Tierny explained that students have led some of the GRI’s longest-running projects.

“When you look at the success of some of the projects that have persisted here at William and Mary, you’ll understand why it’s crazy not to listen to your students when they have ideas,” he said.

Tierney then passed the floor to Kelly Houck ’12, senior program manager of student initiatives at the GRI.

Houck outlined the event’s format.

Four student teams received five minutes to present and discuss their research. 

After each group presented, a faculty panel provided feedback.Panel members included associate teaching professor Alexandra Joosse, Davison Douglas Professor of Law Margaret Hu and Nitya Labh ’22, the Schwarzman Academy Fellow for the International Security Programme at Chatham House. 

The research groups then moved to breakout sessions where audience members could hear more about each of the projects. 

Nathaniel Callabresi ’26, Akash Nayak ’27 and Sam Leong ’26 presented on behalf of DisinfoLab

The students discussed one of their ongoing lab reports, related to studying the spread of misinformation and disinformation during natural disasters. DisinfoLab chose to examine the Palisades Fire in California, Hurricane Melissa in the Caribbean and Typhoon Ragasa in Southeast Asia.

“We chose these three case studies because they’re all particularly severe, recent and they cover multiple regions of the world,” Nayak said.

Nayak highlighted the goals of the current project. 

“The idea is that the insights we gain from this research can inform practitioners as they respond to increasingly severe disasters for the world,” he said.

The next group to present was Promises and Pathways, a project under AidData. Its student-run research explores how Afghan migrants navigate the U.S. resettlement and integration process.

Tajalla Moslih ’27 and Zahra Rahimi ’28 presented on behalf of the group.

“Our first research question looks at how different types of U.S. visas affect the integration journey of Afghan migrants,” Moslih said.

Moslih said their second research question involves comparing and contrasting the experiences of Afghan migrants in legal limbo versus those in more secure pathways.

Promises and Pathways gathers its research data by interviewing many of these Afghan migrants and then coding the conversations to yield its experimental results.

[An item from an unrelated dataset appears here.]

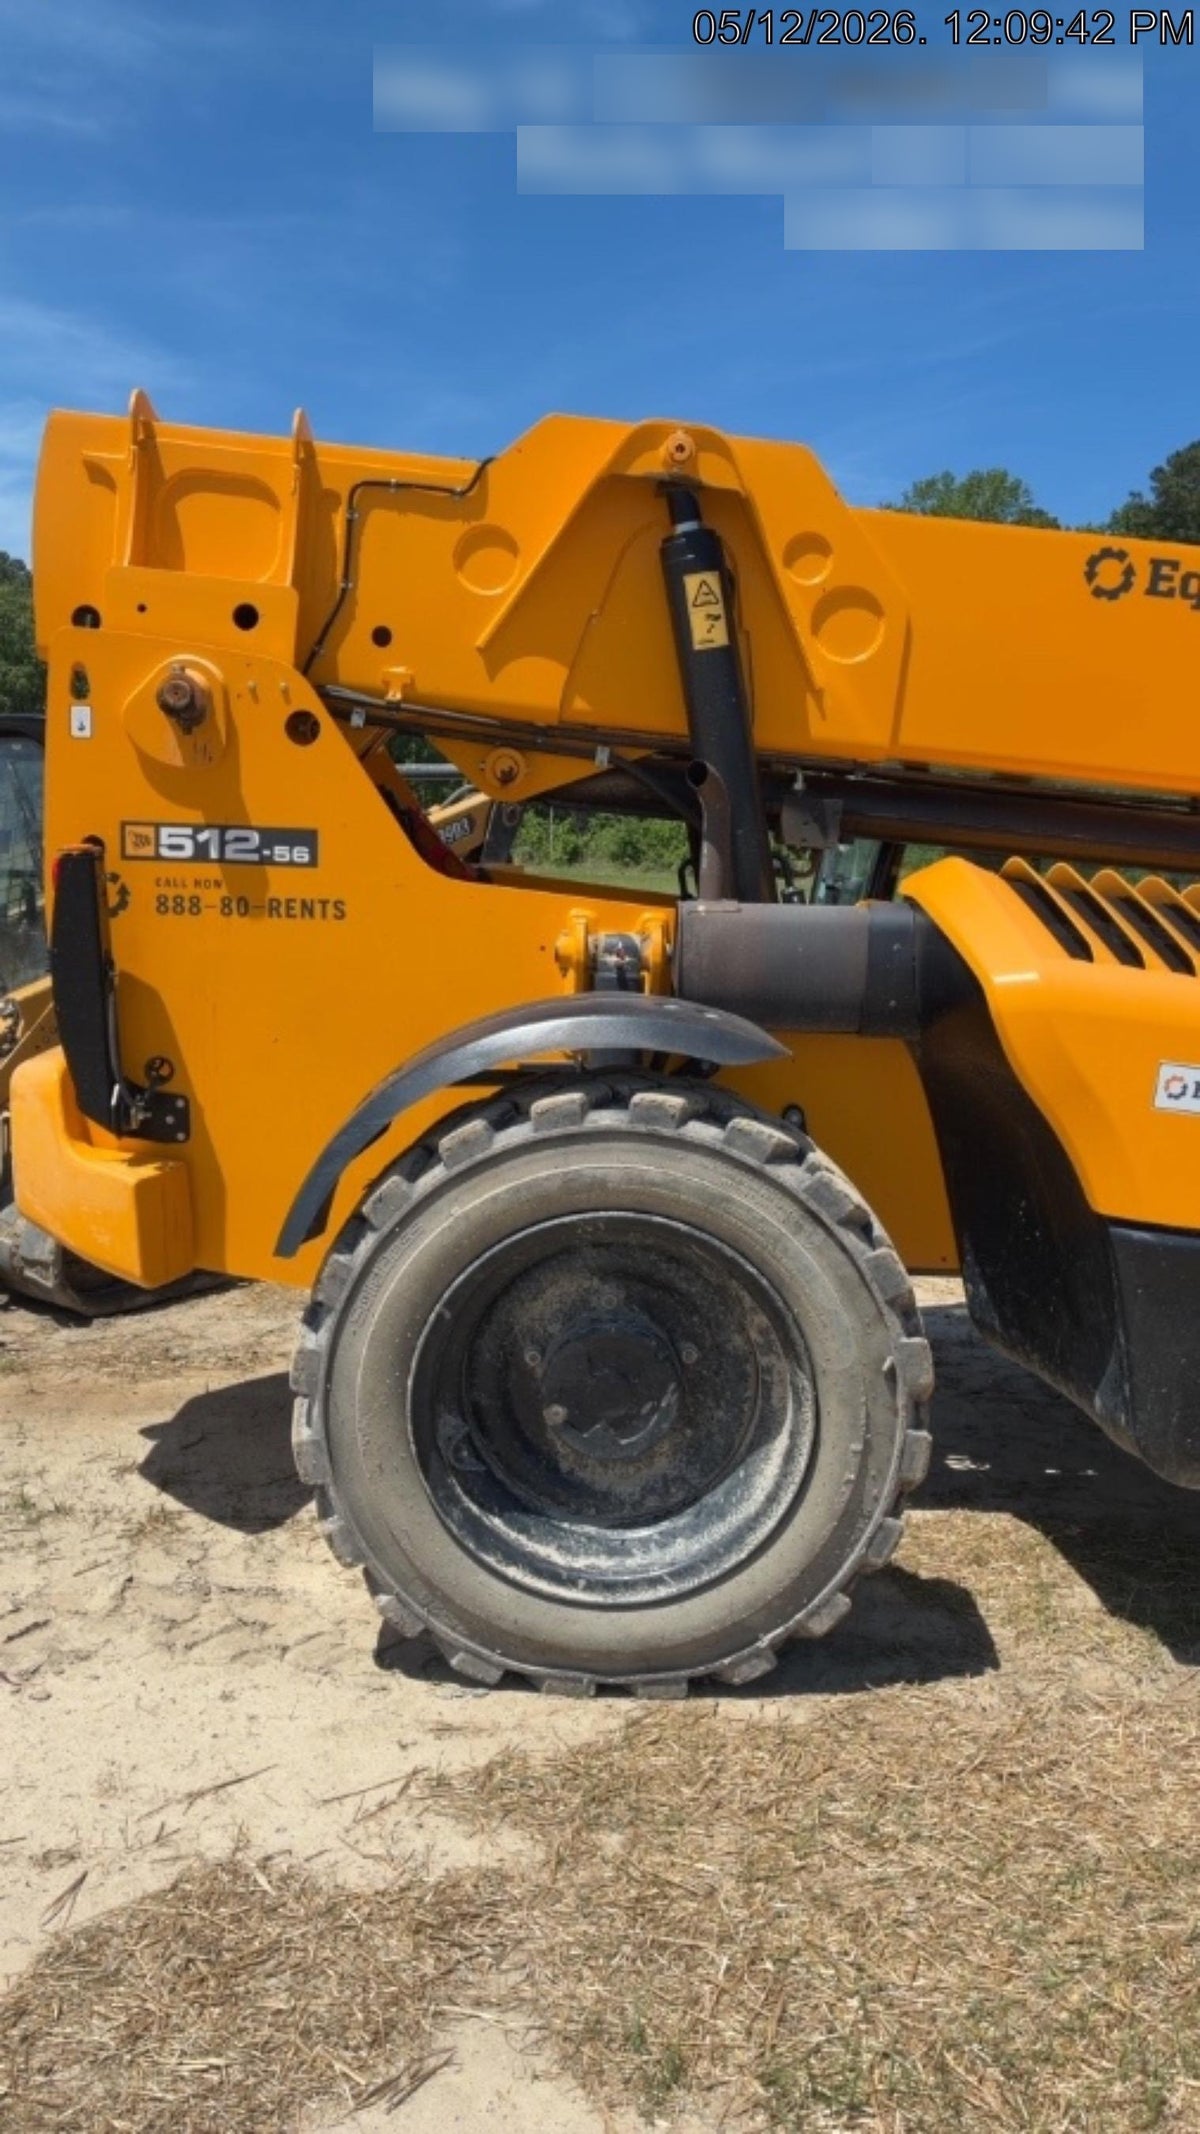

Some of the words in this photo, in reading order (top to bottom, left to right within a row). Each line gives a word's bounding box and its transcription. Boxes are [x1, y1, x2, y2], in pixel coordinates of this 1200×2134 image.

Nolan Jansorn ’27 and Mareanne Zaiber ’26 presented on behalf of the Petro-Intelligence Project. The student-led research initiative focuses on the effects of artificial intelligence and technology on oil workers and migrant labor groups in the Middle East.

Jansorn and Zaiber discussed the reliance of the Gulf States on low-skilled migrant labor and how AI technologies are likely to uproot and automate many of these jobs.

Jansorn said the concern around this kind of automation is that it risks systematically disregarding millions of migrant workers under the changing global economy. 

“This project aims to examine modern challenges that AI is posing as it becomes integrated within sectors that rely heavily on migrant labor,” Zaiber said. “We plan to focus heavily on the oil industry.”

Zaiber explained the Petro-Intelligence Project plans to conduct its research by developing a data set that tracks AI initiatives across the global economy, particularly as it relates to the oil sector.

The final research group to present was The GeoPolitics of Technology Initiative, a student-run project, in collaboration with the Yale Policy Institute and the GRI, focused on technology and policy research.

Kate Carline ’26, Vera Pande ’27 and Jack Keating ’26 presented on behalf of the Geo-Tech Initiative. 

Keating discussed the group’s first research focus relating to Western economic competition with China. He described how the group’s work finds that as China has expanded its global economic output, the country has not developed its independent supply chains for critical industrial outputs. 

“We have been developing a policy framework for how the United States and allies can leverage this [Chinese] dependency to mitigate conflict and build deterrence,” he said.

Pande discussed the other ongoing research focus of the Geo-Tech Initiative, which explores building and strengthening infrastructure for community-level scientific research and development.

“Community-grounded science should be treated as [supportive] public infrastructure,” Pande said. “In a period where funding and science are under attack, scientific legitimacy depends on enabling responsible participation at scale.”